Work item: In the records below, find the line containing "this 1600×1200 image.". Restate it and all the lines after it exactly, and omit the rest.

Dataset:
=== Section Start ===

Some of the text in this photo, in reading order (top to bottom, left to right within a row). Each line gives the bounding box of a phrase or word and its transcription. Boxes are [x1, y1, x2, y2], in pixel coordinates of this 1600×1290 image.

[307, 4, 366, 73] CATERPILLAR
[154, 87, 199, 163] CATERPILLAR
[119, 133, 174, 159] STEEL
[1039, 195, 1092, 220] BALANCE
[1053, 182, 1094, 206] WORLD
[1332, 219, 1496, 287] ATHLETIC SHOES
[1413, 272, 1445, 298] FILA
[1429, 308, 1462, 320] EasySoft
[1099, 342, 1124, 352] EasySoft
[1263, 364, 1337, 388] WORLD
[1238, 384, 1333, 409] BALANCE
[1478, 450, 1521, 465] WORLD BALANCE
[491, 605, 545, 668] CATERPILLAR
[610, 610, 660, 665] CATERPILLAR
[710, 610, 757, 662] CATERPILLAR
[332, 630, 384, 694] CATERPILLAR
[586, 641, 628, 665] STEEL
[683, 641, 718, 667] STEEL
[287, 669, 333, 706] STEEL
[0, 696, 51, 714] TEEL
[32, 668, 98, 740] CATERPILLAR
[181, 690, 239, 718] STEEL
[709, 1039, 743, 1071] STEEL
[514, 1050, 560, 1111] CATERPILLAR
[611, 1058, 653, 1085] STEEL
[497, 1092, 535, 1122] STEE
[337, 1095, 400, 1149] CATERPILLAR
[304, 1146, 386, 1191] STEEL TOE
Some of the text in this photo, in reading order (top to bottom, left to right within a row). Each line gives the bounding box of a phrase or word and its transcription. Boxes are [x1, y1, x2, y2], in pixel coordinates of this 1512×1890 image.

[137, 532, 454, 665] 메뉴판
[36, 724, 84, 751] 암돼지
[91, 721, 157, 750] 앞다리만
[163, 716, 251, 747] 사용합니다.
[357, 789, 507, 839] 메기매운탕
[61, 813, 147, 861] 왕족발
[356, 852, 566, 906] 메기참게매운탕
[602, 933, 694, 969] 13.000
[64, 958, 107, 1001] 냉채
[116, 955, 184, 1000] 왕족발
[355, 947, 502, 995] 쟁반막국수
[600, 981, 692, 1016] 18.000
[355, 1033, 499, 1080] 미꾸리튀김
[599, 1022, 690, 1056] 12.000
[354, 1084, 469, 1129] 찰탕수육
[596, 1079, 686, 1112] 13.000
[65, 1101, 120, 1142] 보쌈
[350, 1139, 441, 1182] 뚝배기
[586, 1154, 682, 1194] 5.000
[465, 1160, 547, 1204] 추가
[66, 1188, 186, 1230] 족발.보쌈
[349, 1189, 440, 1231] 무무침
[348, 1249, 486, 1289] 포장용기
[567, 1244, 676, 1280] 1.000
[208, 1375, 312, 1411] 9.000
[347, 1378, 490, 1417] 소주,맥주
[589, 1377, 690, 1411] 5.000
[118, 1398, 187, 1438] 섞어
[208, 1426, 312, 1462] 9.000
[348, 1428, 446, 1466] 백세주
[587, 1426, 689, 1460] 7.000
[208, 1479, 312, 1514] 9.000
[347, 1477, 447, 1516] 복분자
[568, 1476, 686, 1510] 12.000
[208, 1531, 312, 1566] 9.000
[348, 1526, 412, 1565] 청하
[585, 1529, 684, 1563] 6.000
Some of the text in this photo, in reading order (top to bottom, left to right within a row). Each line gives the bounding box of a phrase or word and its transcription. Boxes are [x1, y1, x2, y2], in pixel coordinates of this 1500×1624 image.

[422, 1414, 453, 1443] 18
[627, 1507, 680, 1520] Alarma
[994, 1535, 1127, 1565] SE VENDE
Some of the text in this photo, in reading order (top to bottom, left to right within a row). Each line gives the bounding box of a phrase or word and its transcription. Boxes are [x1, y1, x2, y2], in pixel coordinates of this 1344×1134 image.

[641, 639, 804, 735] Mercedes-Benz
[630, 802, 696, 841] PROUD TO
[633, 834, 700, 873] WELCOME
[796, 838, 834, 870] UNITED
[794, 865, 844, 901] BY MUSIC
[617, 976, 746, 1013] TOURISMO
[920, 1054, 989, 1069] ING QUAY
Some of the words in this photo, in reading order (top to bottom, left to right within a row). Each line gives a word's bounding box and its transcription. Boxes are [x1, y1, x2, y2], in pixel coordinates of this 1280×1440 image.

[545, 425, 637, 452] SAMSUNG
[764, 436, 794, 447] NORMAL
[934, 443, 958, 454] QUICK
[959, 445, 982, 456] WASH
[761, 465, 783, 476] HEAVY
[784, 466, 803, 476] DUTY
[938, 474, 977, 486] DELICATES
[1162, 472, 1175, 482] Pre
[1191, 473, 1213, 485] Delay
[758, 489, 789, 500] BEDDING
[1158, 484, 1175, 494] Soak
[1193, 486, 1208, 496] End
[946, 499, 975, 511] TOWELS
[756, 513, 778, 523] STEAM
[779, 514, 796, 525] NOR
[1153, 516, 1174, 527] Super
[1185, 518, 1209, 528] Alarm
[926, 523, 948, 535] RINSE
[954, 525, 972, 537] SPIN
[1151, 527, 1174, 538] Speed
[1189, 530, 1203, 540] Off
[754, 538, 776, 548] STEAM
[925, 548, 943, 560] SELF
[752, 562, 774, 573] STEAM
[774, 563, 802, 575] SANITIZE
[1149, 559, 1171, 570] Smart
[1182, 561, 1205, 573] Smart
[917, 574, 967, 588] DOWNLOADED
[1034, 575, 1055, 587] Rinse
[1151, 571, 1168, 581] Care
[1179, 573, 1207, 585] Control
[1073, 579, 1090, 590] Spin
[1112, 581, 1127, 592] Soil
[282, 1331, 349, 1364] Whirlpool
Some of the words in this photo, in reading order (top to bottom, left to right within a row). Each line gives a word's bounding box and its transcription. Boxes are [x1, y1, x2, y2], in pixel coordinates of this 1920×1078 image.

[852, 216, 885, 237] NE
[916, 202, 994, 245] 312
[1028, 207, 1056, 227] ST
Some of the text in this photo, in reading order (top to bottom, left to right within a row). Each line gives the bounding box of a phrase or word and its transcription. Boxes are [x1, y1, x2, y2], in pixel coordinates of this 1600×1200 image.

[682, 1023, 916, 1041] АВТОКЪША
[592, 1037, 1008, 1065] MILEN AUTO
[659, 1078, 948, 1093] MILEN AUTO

=== Section End ===

Response:
Some of the text in this photo, in reading order (top to bottom, left to right within a row). Each line gives the bounding box of a phrase or word and its transcription. Boxes are [x1, y1, x2, y2], in pixel coordinates of this 1600×1200 image.

[682, 1023, 916, 1041] АВТОКЪША
[592, 1037, 1008, 1065] MILEN AUTO
[659, 1078, 948, 1093] MILEN AUTO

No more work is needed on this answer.